**HOW TO COMPLETE THIS TASK:** Pictures stay out; please output the remaining data exactly.

**DATA FOR THE TASK:**
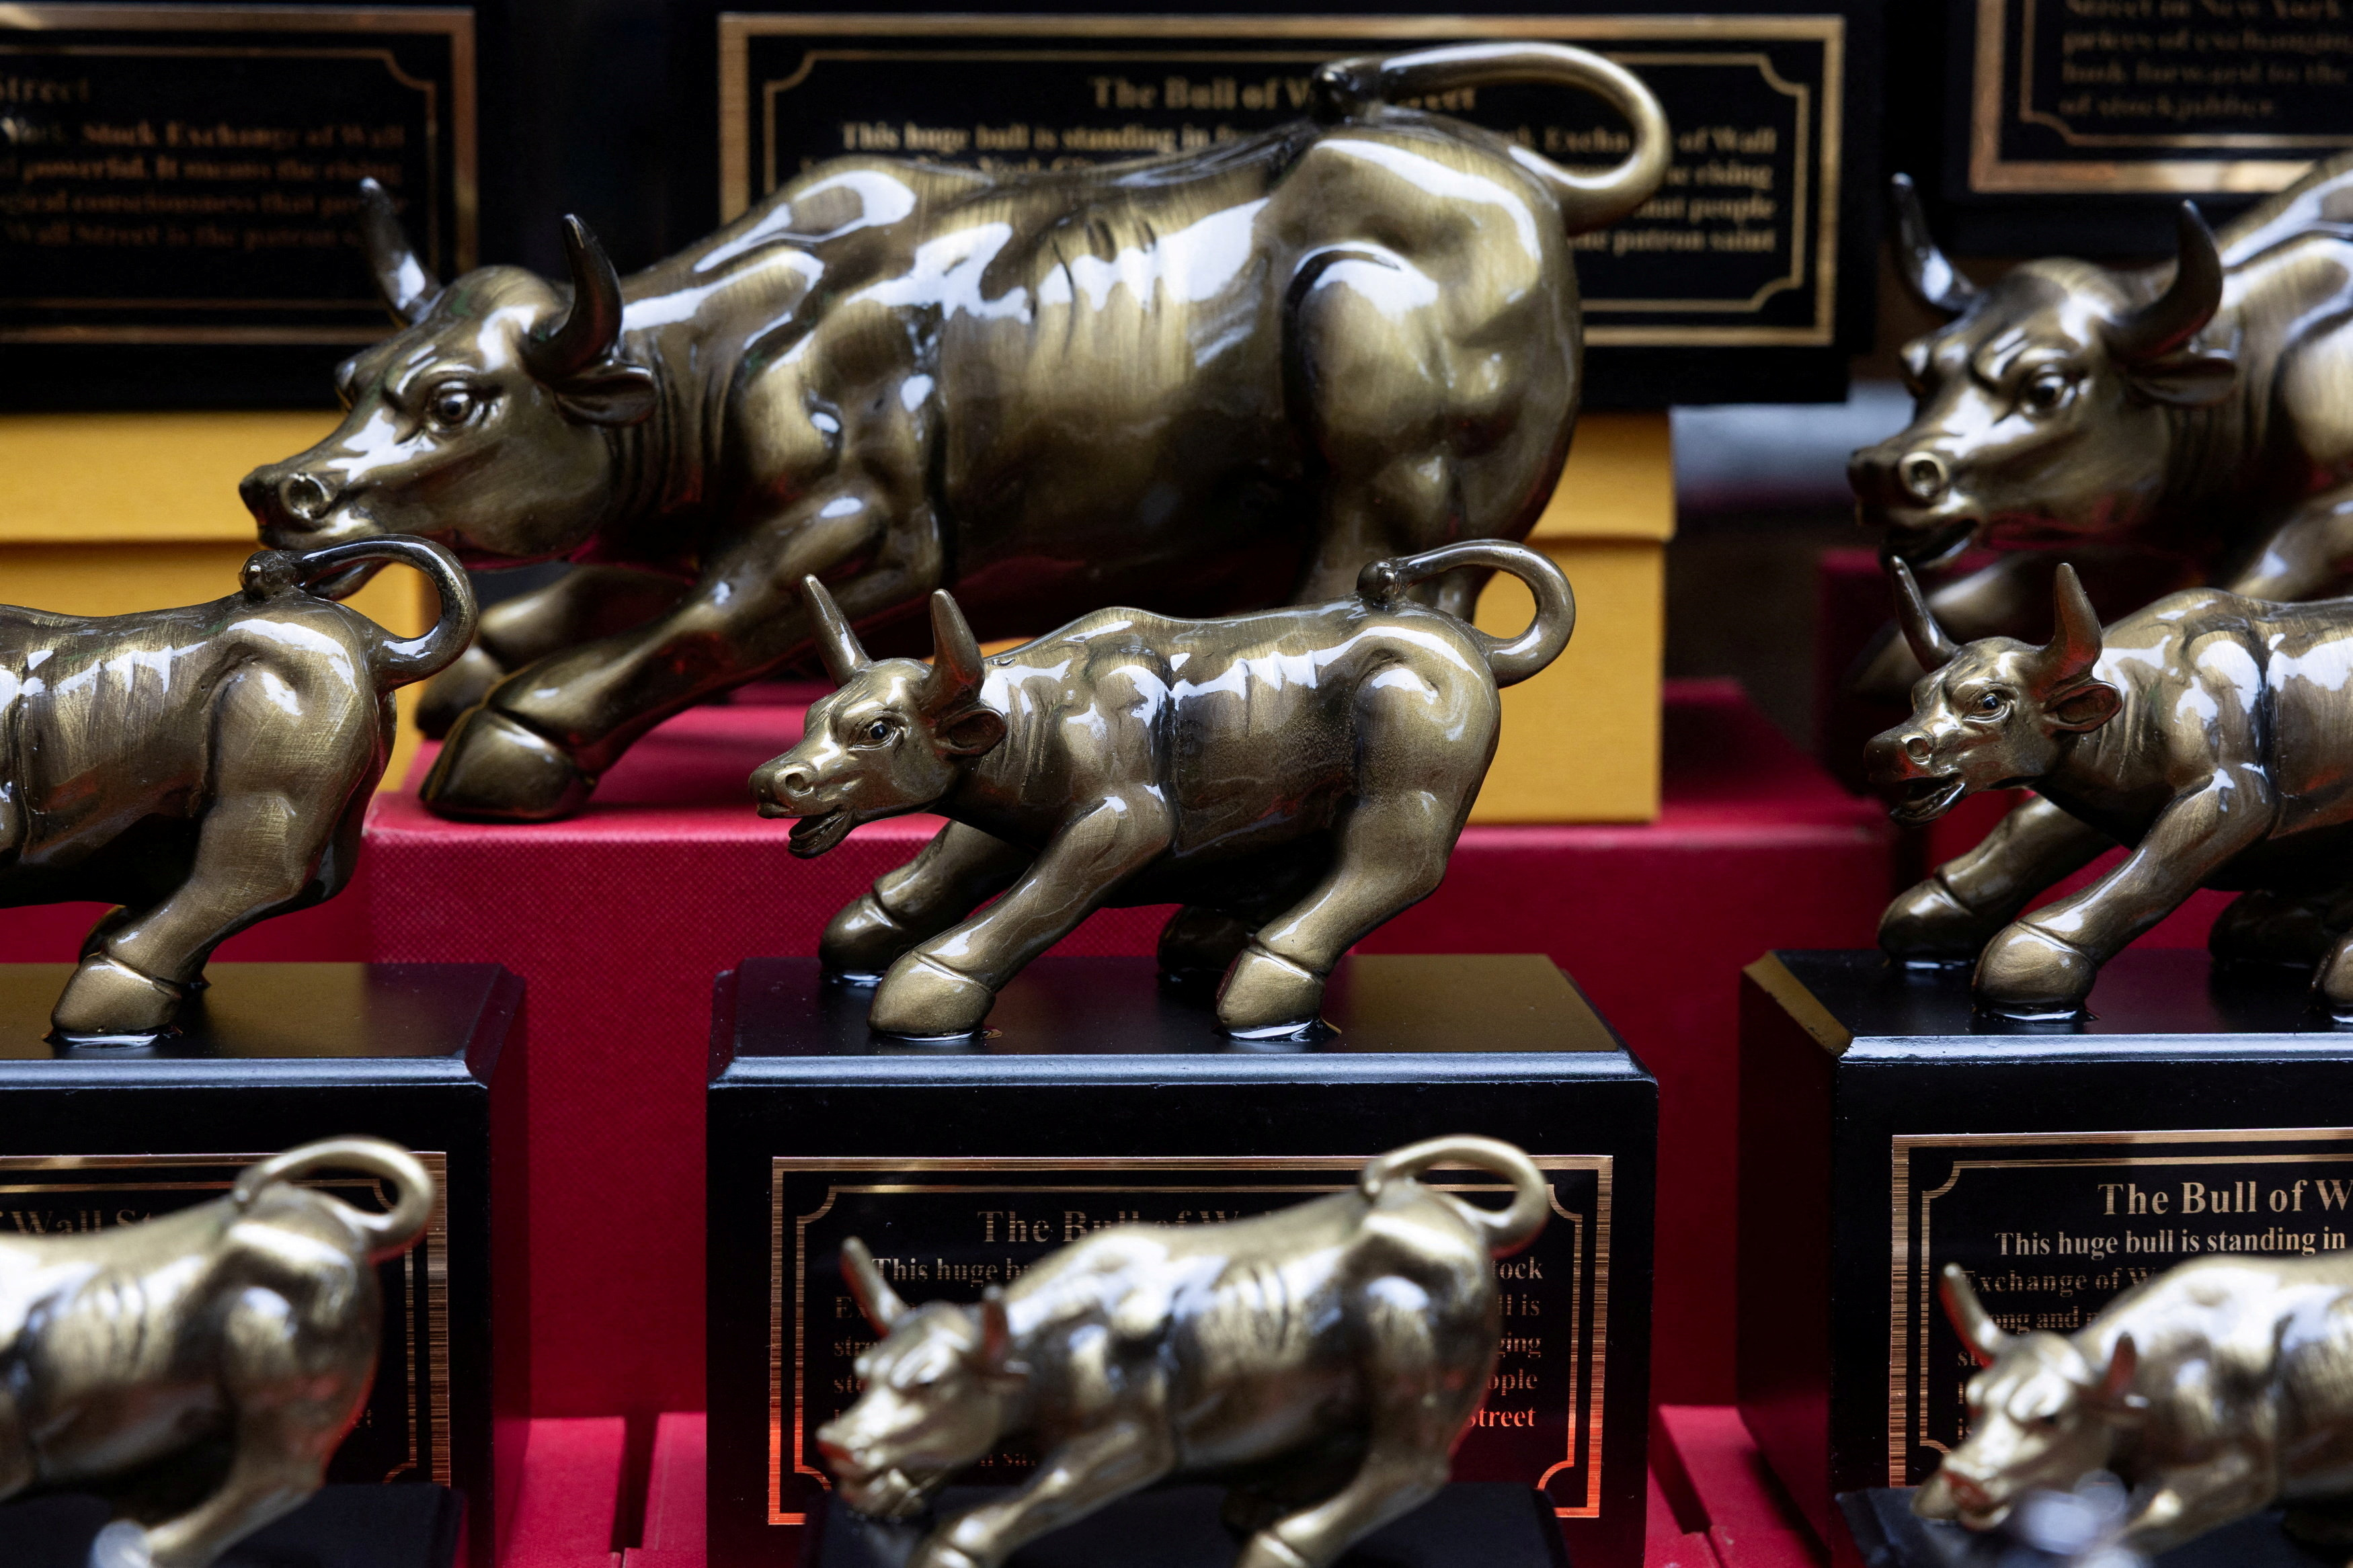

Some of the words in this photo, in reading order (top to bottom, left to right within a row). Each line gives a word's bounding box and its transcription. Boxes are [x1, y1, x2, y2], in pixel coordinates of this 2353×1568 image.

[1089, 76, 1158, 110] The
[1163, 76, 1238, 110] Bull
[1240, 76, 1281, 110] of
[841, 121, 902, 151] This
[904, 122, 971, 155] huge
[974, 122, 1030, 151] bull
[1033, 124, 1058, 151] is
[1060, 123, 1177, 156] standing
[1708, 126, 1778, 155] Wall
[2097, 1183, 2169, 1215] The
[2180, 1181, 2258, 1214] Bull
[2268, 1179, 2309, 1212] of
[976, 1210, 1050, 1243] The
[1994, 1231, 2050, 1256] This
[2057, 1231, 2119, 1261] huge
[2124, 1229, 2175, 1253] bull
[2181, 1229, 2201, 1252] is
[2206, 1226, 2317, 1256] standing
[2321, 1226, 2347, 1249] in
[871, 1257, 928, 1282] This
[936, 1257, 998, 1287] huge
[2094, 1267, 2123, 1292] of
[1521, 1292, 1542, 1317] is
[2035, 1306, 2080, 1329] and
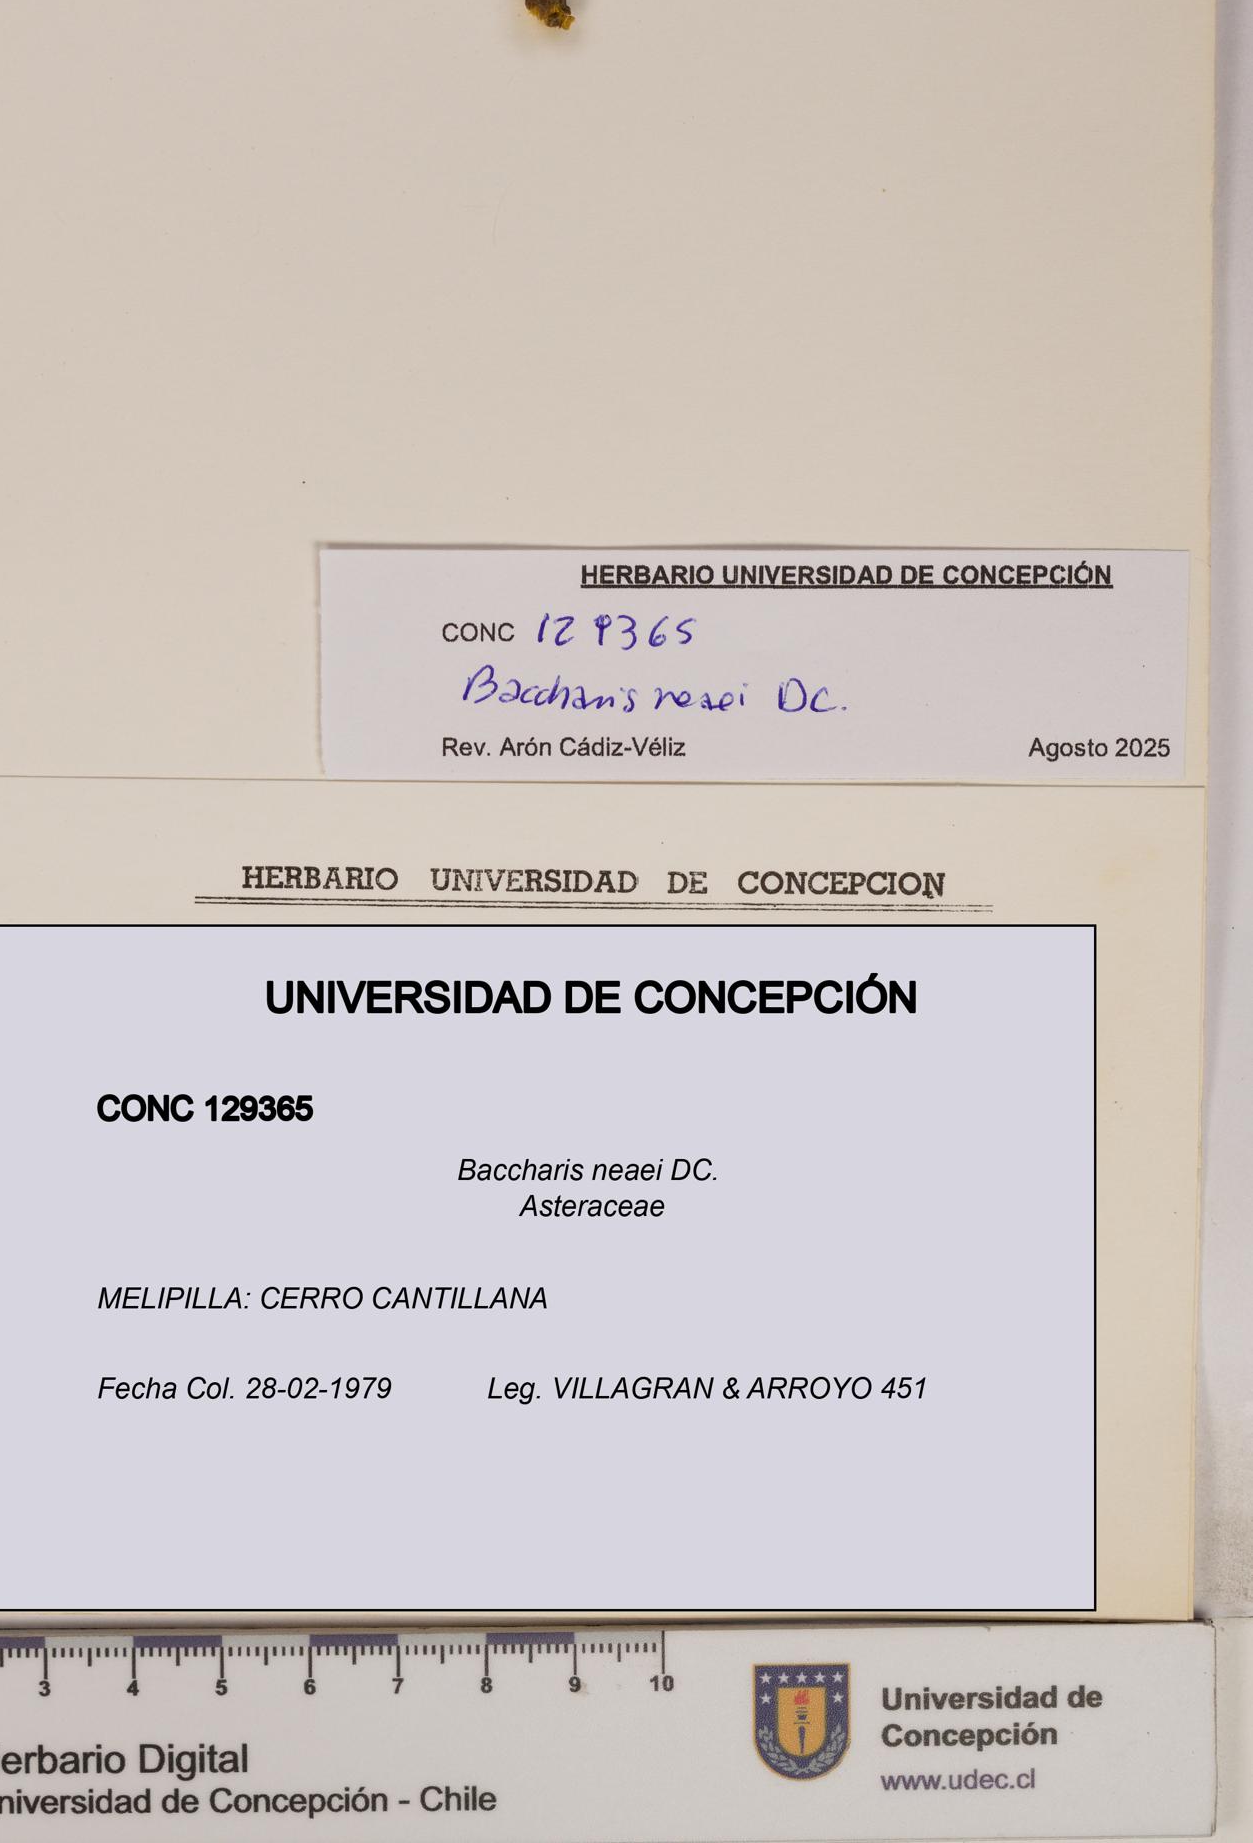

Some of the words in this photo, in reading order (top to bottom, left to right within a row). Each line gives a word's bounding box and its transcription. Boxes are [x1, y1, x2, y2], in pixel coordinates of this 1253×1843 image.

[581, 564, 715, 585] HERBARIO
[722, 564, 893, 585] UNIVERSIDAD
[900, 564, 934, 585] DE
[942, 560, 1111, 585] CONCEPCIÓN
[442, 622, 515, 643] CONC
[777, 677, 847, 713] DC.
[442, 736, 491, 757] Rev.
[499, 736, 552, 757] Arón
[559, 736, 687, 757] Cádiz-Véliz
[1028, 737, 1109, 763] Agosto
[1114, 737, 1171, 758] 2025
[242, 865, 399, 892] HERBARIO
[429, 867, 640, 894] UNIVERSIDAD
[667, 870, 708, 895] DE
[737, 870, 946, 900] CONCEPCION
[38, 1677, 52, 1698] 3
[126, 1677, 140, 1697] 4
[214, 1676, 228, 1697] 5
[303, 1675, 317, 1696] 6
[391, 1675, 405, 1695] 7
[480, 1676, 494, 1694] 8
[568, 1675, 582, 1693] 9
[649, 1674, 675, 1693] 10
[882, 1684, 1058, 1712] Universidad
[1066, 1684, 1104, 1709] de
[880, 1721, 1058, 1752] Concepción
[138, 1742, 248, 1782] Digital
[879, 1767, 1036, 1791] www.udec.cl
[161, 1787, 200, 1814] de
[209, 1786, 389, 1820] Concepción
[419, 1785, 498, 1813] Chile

**EXERCISE SOLUTION:**
Some of the words in this photo, in reading order (top to bottom, left to right within a row). Each line gives a word's bounding box and its transcription. Boxes are [x1, y1, x2, y2], in pixel coordinates of this 2353×1568 image.

[1089, 76, 1158, 110] The
[1163, 76, 1238, 110] Bull
[1240, 76, 1281, 110] of
[841, 121, 902, 151] This
[904, 122, 971, 155] huge
[974, 122, 1030, 151] bull
[1033, 124, 1058, 151] is
[1060, 123, 1177, 156] standing
[1708, 126, 1778, 155] Wall
[2097, 1183, 2169, 1215] The
[2180, 1181, 2258, 1214] Bull
[2268, 1179, 2309, 1212] of
[976, 1210, 1050, 1243] The
[1994, 1231, 2050, 1256] This
[2057, 1231, 2119, 1261] huge
[2124, 1229, 2175, 1253] bull
[2181, 1229, 2201, 1252] is
[2206, 1226, 2317, 1256] standing
[2321, 1226, 2347, 1249] in
[871, 1257, 928, 1282] This
[936, 1257, 998, 1287] huge
[2094, 1267, 2123, 1292] of
[1521, 1292, 1542, 1317] is
[2035, 1306, 2080, 1329] and

Some of the words in this photo, in reading order (top to bottom, left to right within a row). Each line gives a word's bounding box and its transcription. Boxes are [x1, y1, x2, y2], in pixel coordinates of this 1253×1843 image.

[581, 564, 715, 585] HERBARIO
[722, 564, 893, 585] UNIVERSIDAD
[900, 564, 934, 585] DE
[942, 560, 1111, 585] CONCEPCIÓN
[442, 622, 515, 643] CONC
[777, 677, 847, 713] DC.
[442, 736, 491, 757] Rev.
[499, 736, 552, 757] Arón
[559, 736, 687, 757] Cádiz-Véliz
[1028, 737, 1109, 763] Agosto
[1114, 737, 1171, 758] 2025
[242, 865, 399, 892] HERBARIO
[429, 867, 640, 894] UNIVERSIDAD
[667, 870, 708, 895] DE
[737, 870, 946, 900] CONCEPCION
[38, 1677, 52, 1698] 3
[126, 1677, 140, 1697] 4
[214, 1676, 228, 1697] 5
[303, 1675, 317, 1696] 6
[391, 1675, 405, 1695] 7
[480, 1676, 494, 1694] 8
[568, 1675, 582, 1693] 9
[649, 1674, 675, 1693] 10
[882, 1684, 1058, 1712] Universidad
[1066, 1684, 1104, 1709] de
[880, 1721, 1058, 1752] Concepción
[138, 1742, 248, 1782] Digital
[879, 1767, 1036, 1791] www.udec.cl
[161, 1787, 200, 1814] de
[209, 1786, 389, 1820] Concepción
[419, 1785, 498, 1813] Chile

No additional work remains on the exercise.